Emily Tan
Jun 6, 2014

The story behind Petronas Malaysia’s first Kaamatan & Gawai TVC

KUALA LUMPUR – Beautifully shot and exquisitely written, Petronas Malaysia’s television spot for Kaamatan and Gawai has been making waves across Malaysia.

Over the past 18 years Petronas Malaysia’s festivity-themed commercials for Hari Raya, Chinese New Year and Deepavali has become a much-anticipated tradition in Malaysia, thanks to the late and celebrated Yasmin Ahmad. As ECD of Leo Burnett Malaysia, she placed an indelible stamp on the national oil company’s commercials, distilling the nation’s complex mixed-cultures and uniting them with humour and love in 30-second spots.

Yet despite having always included Kaamatan and Gawai in its festival-ad lineup, this is the first TV commercial the brand has created specifically for the festivals.
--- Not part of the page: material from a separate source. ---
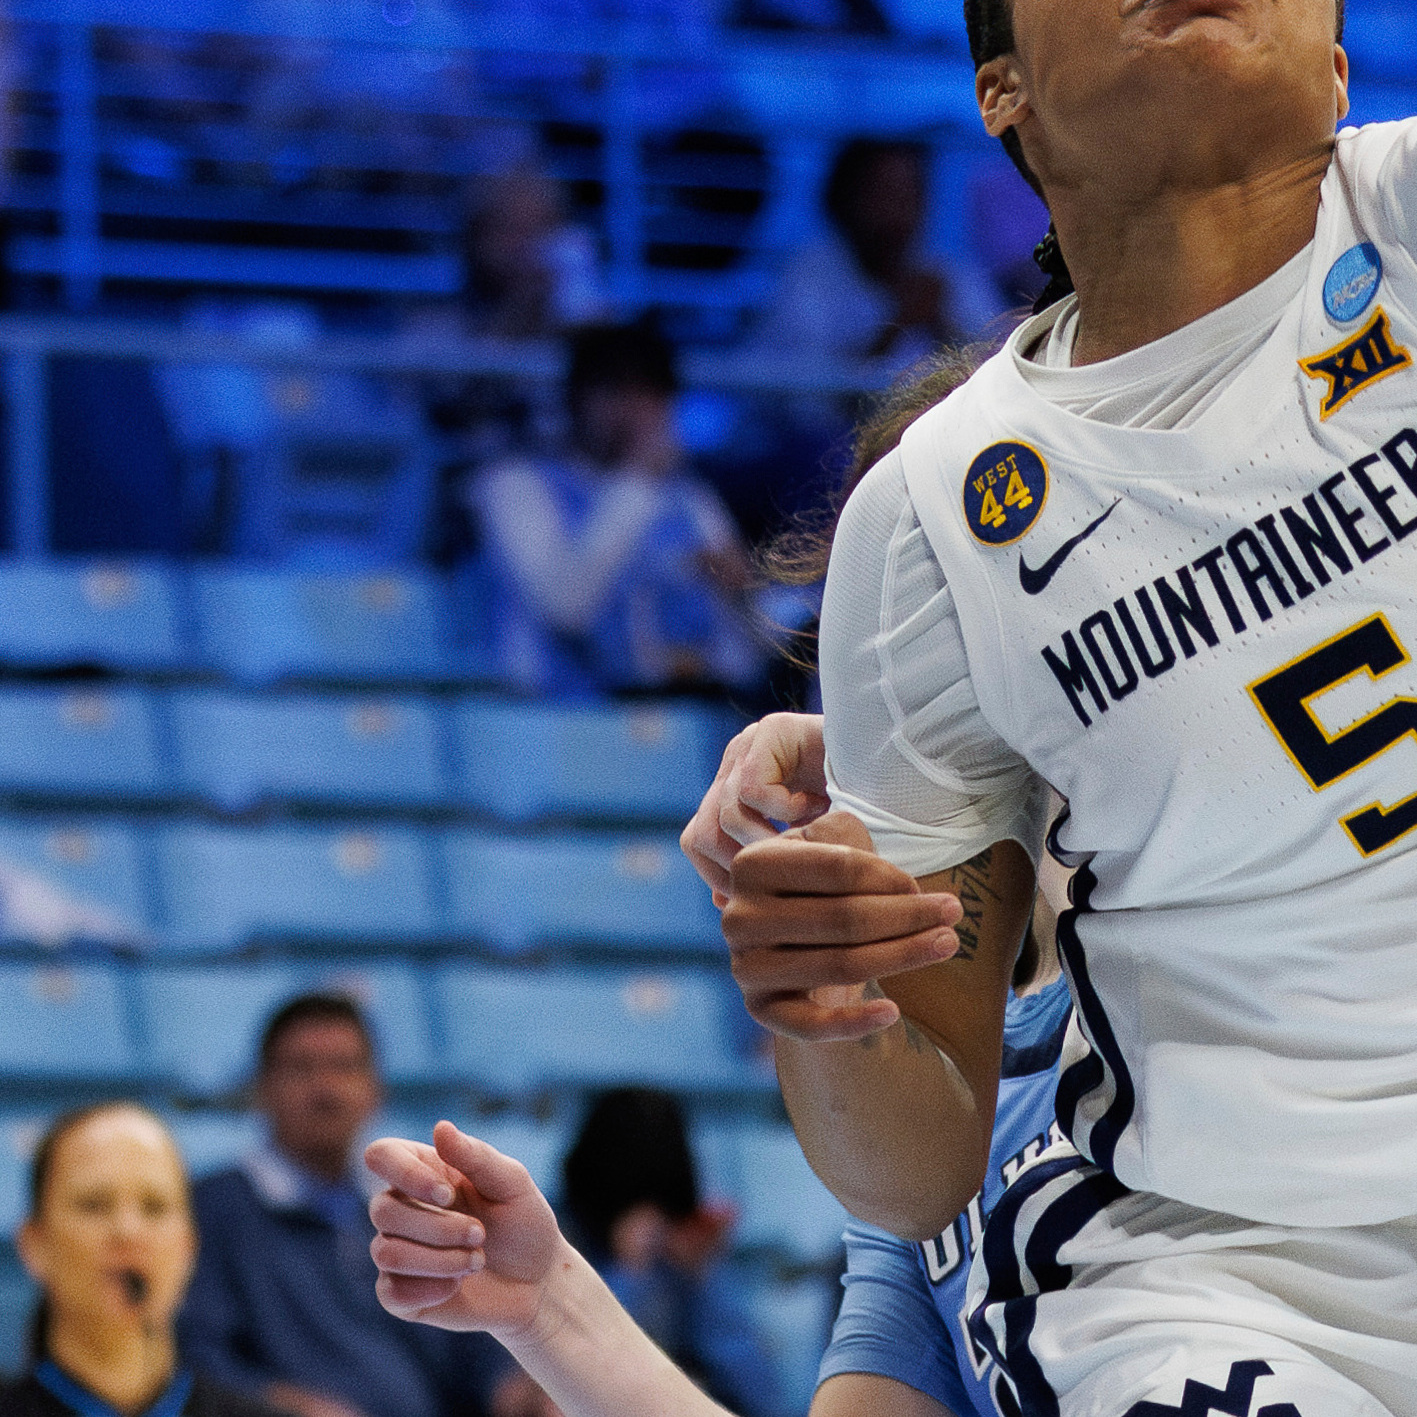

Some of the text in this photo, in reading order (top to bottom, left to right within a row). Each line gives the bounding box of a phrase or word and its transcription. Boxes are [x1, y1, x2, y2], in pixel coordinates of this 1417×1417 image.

[1304, 312, 1408, 413] XII
[972, 453, 1017, 494] WEST
[979, 469, 1034, 529] 44
Kaamatan and Gawai are two separate harvest festivals celebrated by native tribes the Kadazans in Sabah and the Dayaks in Sarawak, respectively. Both festivals are religious and cultural days of thanksgiving and take place around the end of May to early June each year. Because the festivals were so localised, Petronas had previously focused on running print and on-the-ground activities around these events.

Then, last year, Petronas decided to test the waters by making a 12-episode web-documentary series on the festivals. “It started out as a plan to create a documentary to talk about the state for our stakeholders in Sabah and Sarawak, something they could show their constituents,” explained Mohd Fitri bin Mydin, head of campaign management at Petronas. “But when we were talking to the people in the villages they said, ‘Come and see what we do, what we really do, not what you see on TV, because in the next 10 to 15 years, it may be gone because our kids don’t come back anymore’.”
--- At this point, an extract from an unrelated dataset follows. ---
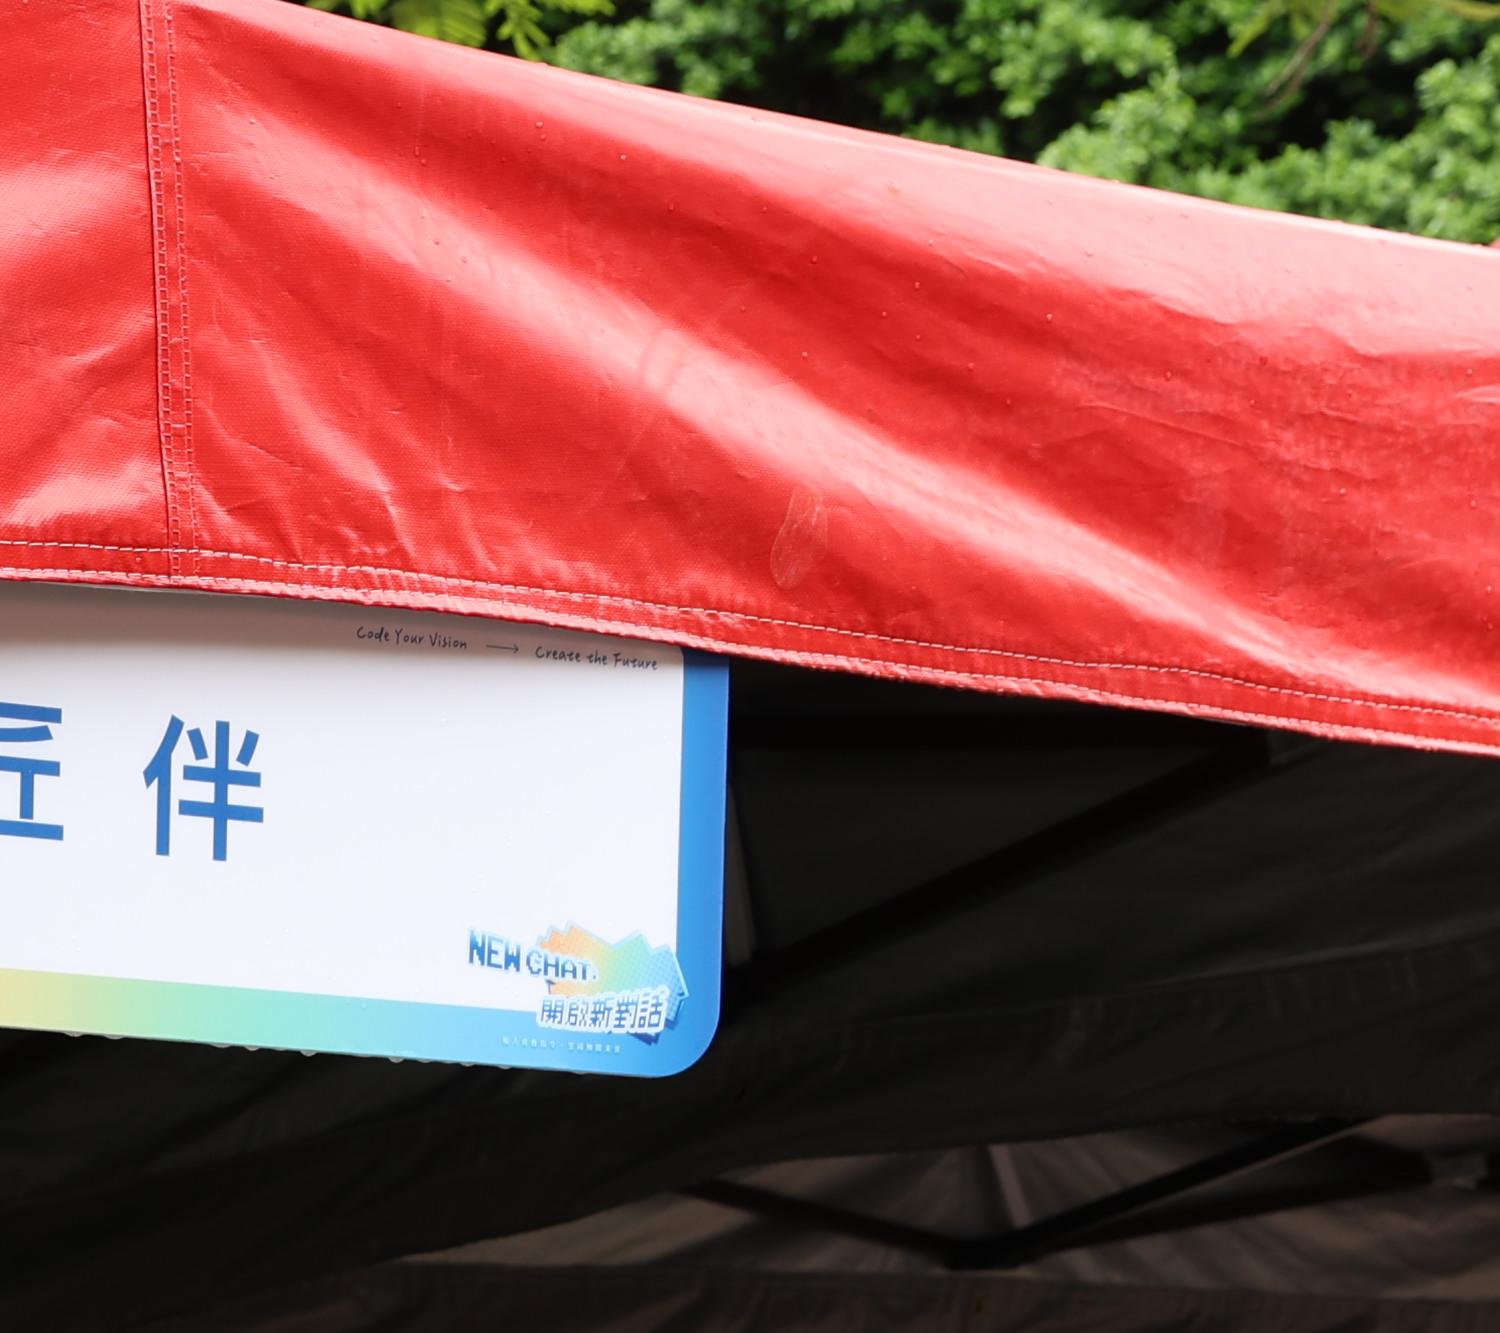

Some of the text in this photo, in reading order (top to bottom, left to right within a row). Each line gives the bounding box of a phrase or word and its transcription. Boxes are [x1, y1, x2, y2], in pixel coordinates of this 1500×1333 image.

[356, 626, 659, 671] Code Your Vision Create the Future
[468, 928, 521, 973] NEW
Realising the children of the Dayak and Kadazan are now scattered across Malaysia and the globe, Petronas decided to quietly launch its online documentary so the festivals would be preserved for posterity—and to help connect the tribes with their scattered offspring.

This year, the team decided to dedicate a full-on Petronas festival TVC to the joint celebrations and turned once more to Yasmin Ahmad for inspiration. “We had the footage, some of it never used, from the webisode series," said Fitri. "We had the musical score ‘Kembali’, which Mia Palencia created for us in 2012. What we weren’t sure about were the words. We didn’t want a straightforward voiceover, that would be too tourism-ish. So we decided to look into our archives to see what we’ve done in the past.”

What they found was ‘Whose Earth is this anyway?’ (above) a corporate ad created for Petronas by Yasmin in which her voice read a poem she wrote. “The poem hangs in one or two of our offices in Sabah and Sarawak. They took a liking to it and so we decided, very early on, to go for a sonnet poetic mode for this one.”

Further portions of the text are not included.